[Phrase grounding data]

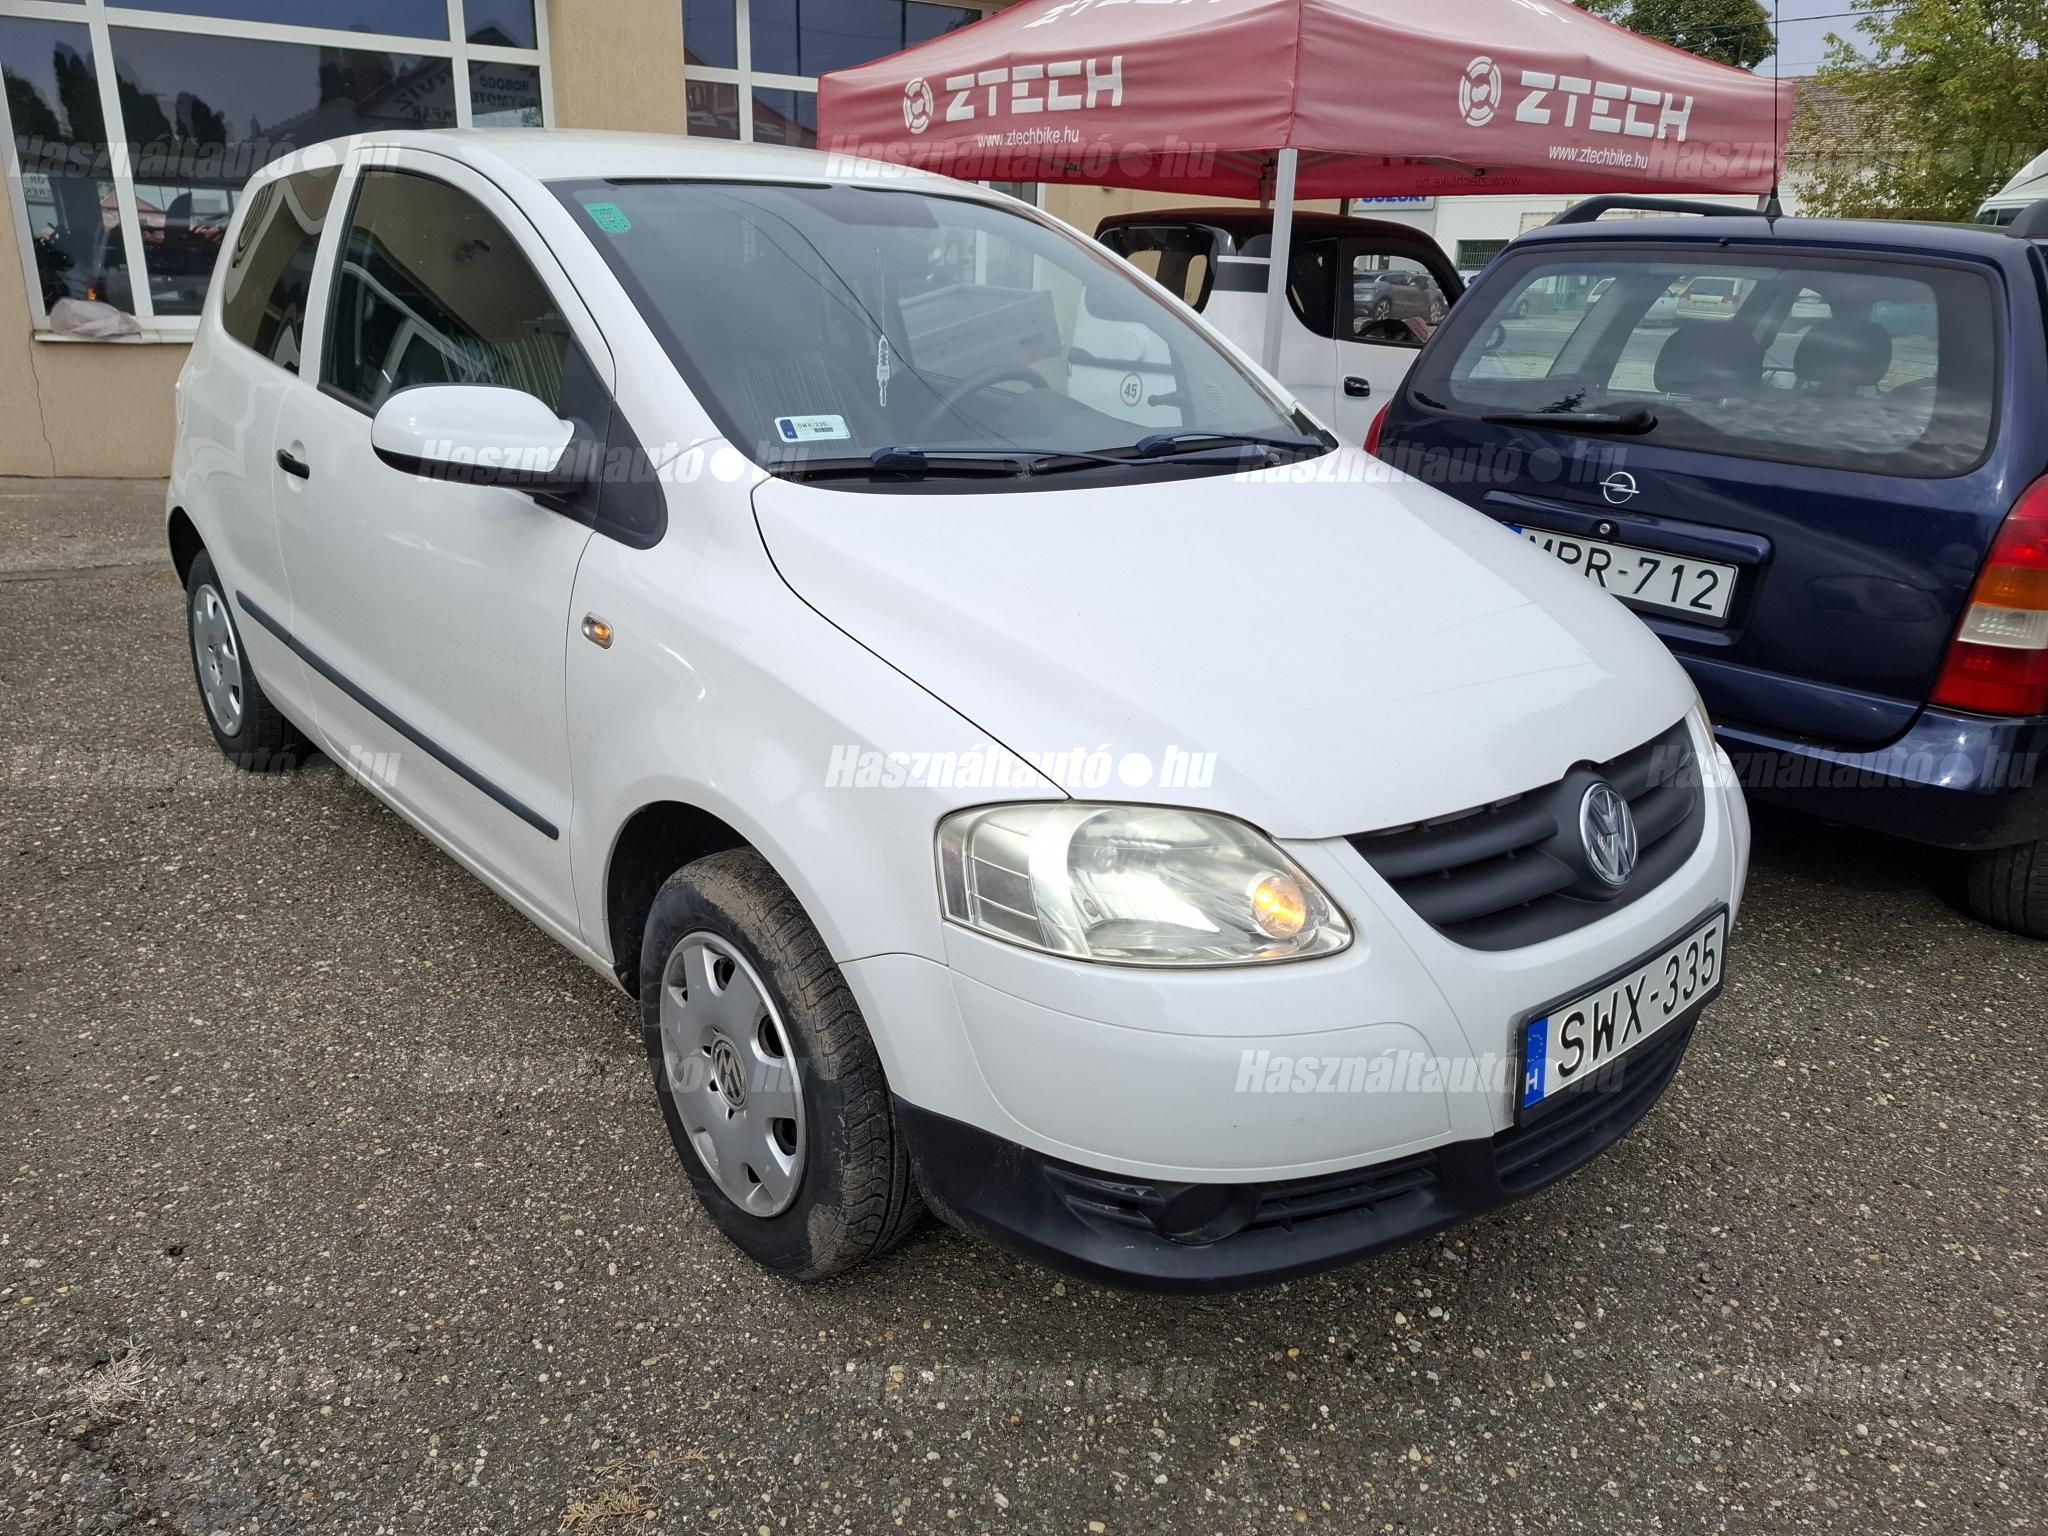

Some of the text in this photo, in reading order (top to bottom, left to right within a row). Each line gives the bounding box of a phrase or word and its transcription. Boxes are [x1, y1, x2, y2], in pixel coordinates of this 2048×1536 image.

[946, 55, 1123, 122] ZTECH
[1515, 70, 1694, 142] ZTECH
[977, 125, 1080, 148] www.ztechbike.hu
[1549, 145, 1649, 170] www.ztechbike.hu
[1124, 383, 1137, 398] 45
[1557, 926, 1717, 1078] SWX-335
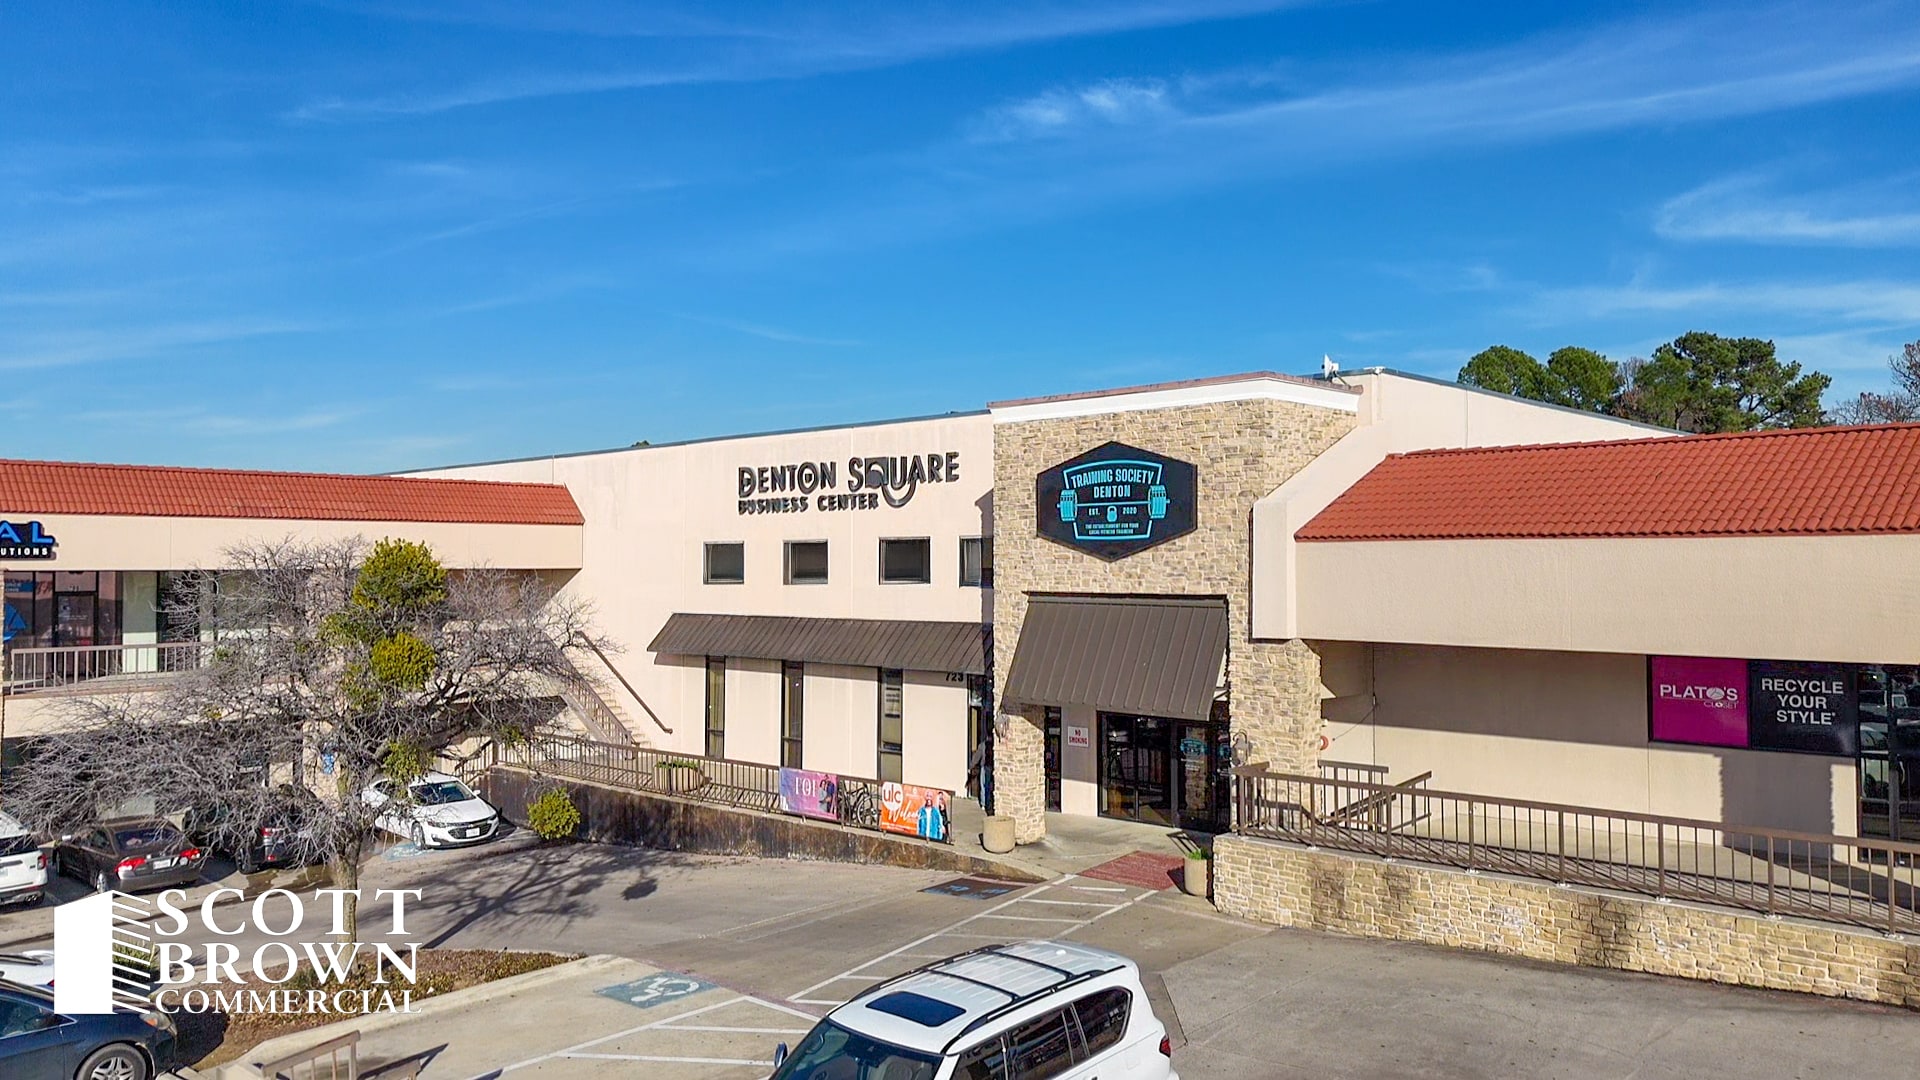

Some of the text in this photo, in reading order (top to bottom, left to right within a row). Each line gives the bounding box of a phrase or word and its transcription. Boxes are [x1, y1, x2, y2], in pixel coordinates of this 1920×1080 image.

[738, 452, 960, 508] DENTON SQUARE
[1070, 468, 1155, 489] TRAINING SOCIETY
[1093, 485, 1131, 499] DENTON
[738, 493, 879, 515] BUSINESS CENTER
[1088, 506, 1138, 516] EST. 2020
[945, 671, 964, 682] 723
[1660, 684, 1738, 701] PLATO'S
[1761, 678, 1844, 694] RECYCLE
[1703, 700, 1739, 710] CLOSET
[1777, 695, 1827, 709] YOUR
[1069, 736, 1087, 744] SMOKING
[883, 783, 902, 804] ulc

**Problem description:** Your answer should be a precise transcript of the entries, minus the pictures.

**Your solution:**
Some of the text in this photo, in reading order (top to bottom, left to right within a row). Each line gives the bounding box of a phrase or word and its transcription. Boxes are [x1, y1, x2, y2], in pixel coordinates of this 2048×1536 image.

[946, 55, 1123, 122] ZTECH
[1515, 70, 1694, 142] ZTECH
[977, 125, 1080, 148] www.ztechbike.hu
[1549, 145, 1649, 170] www.ztechbike.hu
[1124, 383, 1137, 398] 45
[1557, 926, 1717, 1078] SWX-335

Some of the text in this photo, in reading order (top to bottom, left to right within a row). Each line gives the bounding box of a phrase or word and its transcription. Boxes are [x1, y1, x2, y2], in pixel coordinates of this 1920×1080 image.

[738, 452, 960, 508] DENTON SQUARE
[1070, 468, 1155, 489] TRAINING SOCIETY
[1093, 485, 1131, 499] DENTON
[738, 493, 879, 515] BUSINESS CENTER
[1088, 506, 1138, 516] EST. 2020
[945, 671, 964, 682] 723
[1660, 684, 1738, 701] PLATO'S
[1761, 678, 1844, 694] RECYCLE
[1703, 700, 1739, 710] CLOSET
[1777, 695, 1827, 709] YOUR
[1069, 736, 1087, 744] SMOKING
[883, 783, 902, 804] ulc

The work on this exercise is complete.